/---
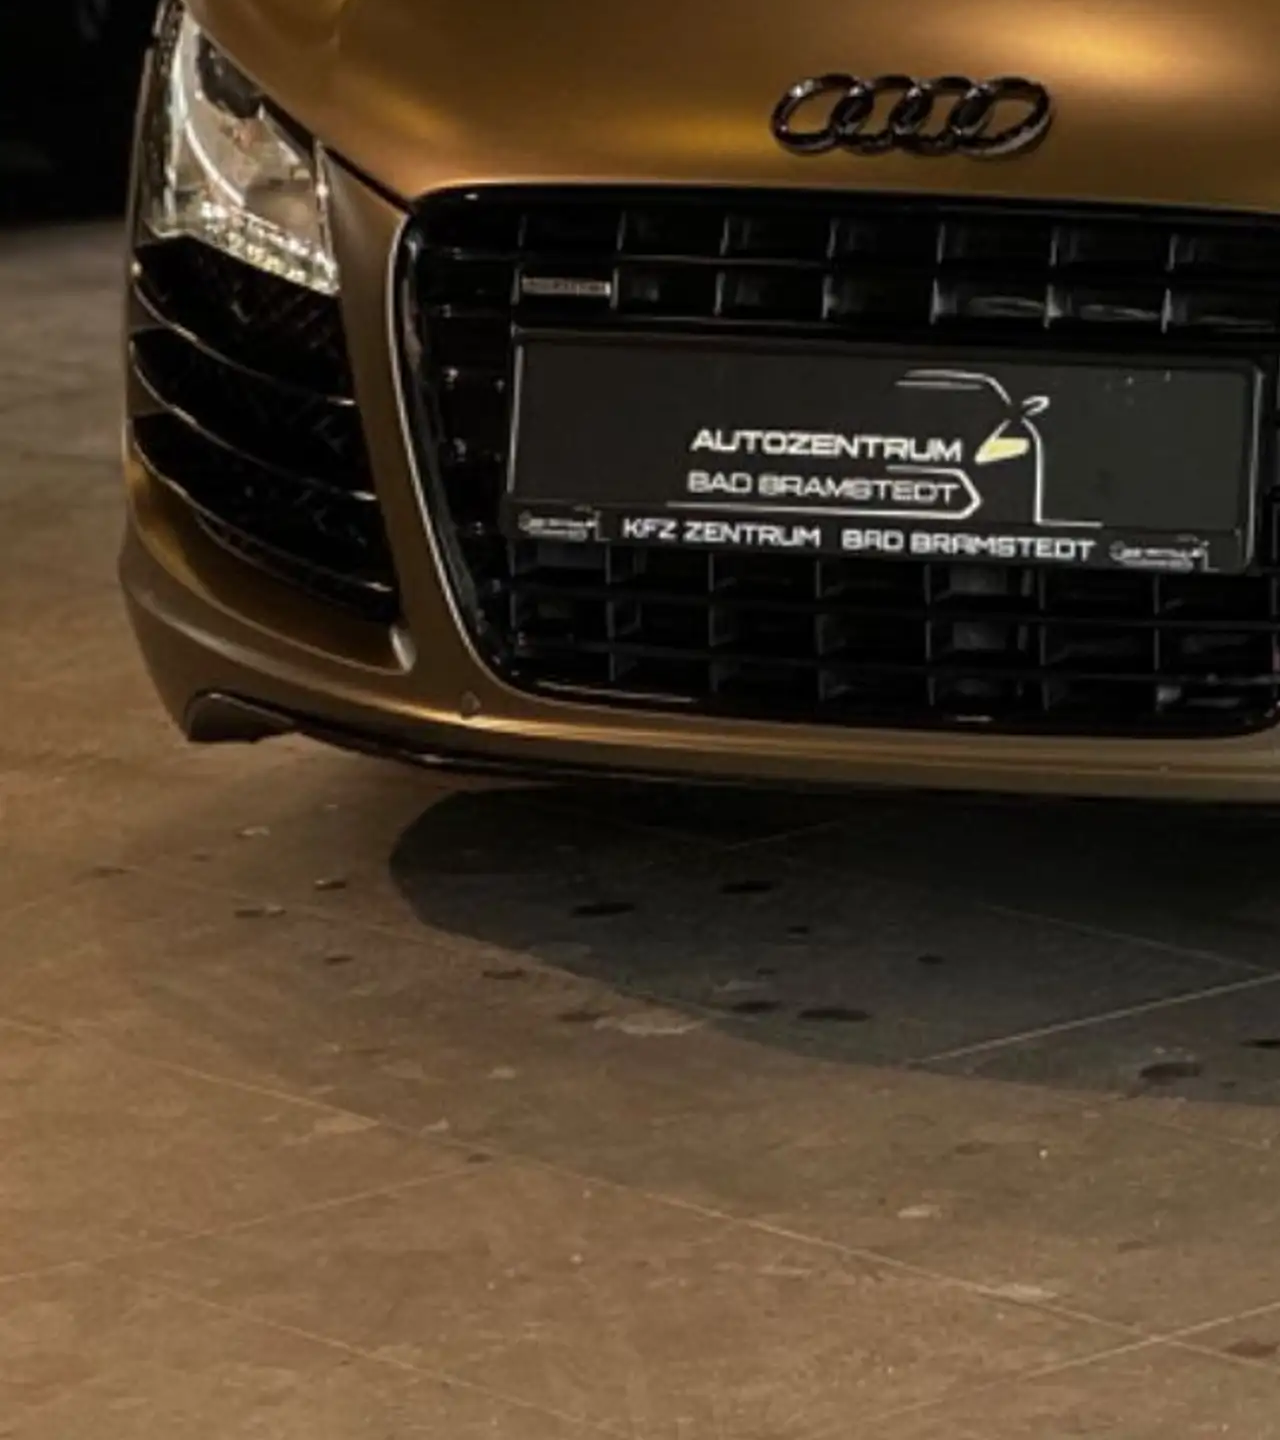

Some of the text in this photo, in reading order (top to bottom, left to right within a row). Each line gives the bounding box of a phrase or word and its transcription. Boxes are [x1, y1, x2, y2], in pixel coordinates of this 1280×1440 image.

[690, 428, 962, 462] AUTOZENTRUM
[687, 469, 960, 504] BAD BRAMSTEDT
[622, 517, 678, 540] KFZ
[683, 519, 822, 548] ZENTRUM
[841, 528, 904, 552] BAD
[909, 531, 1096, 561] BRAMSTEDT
\---
Take the listing above and restate it word for word, without its pictures.

Response to the exercise:
Some of the text in this photo, in reading order (top to bottom, left to right within a row). Each line gives the bounding box of a phrase or word and its transcription. Boxes are [x1, y1, x2, y2], in pixel coordinates of this 1280×1440 image.

[690, 428, 962, 462] AUTOZENTRUM
[687, 469, 960, 504] BAD BRAMSTEDT
[622, 517, 678, 540] KFZ
[683, 519, 822, 548] ZENTRUM
[841, 528, 904, 552] BAD
[909, 531, 1096, 561] BRAMSTEDT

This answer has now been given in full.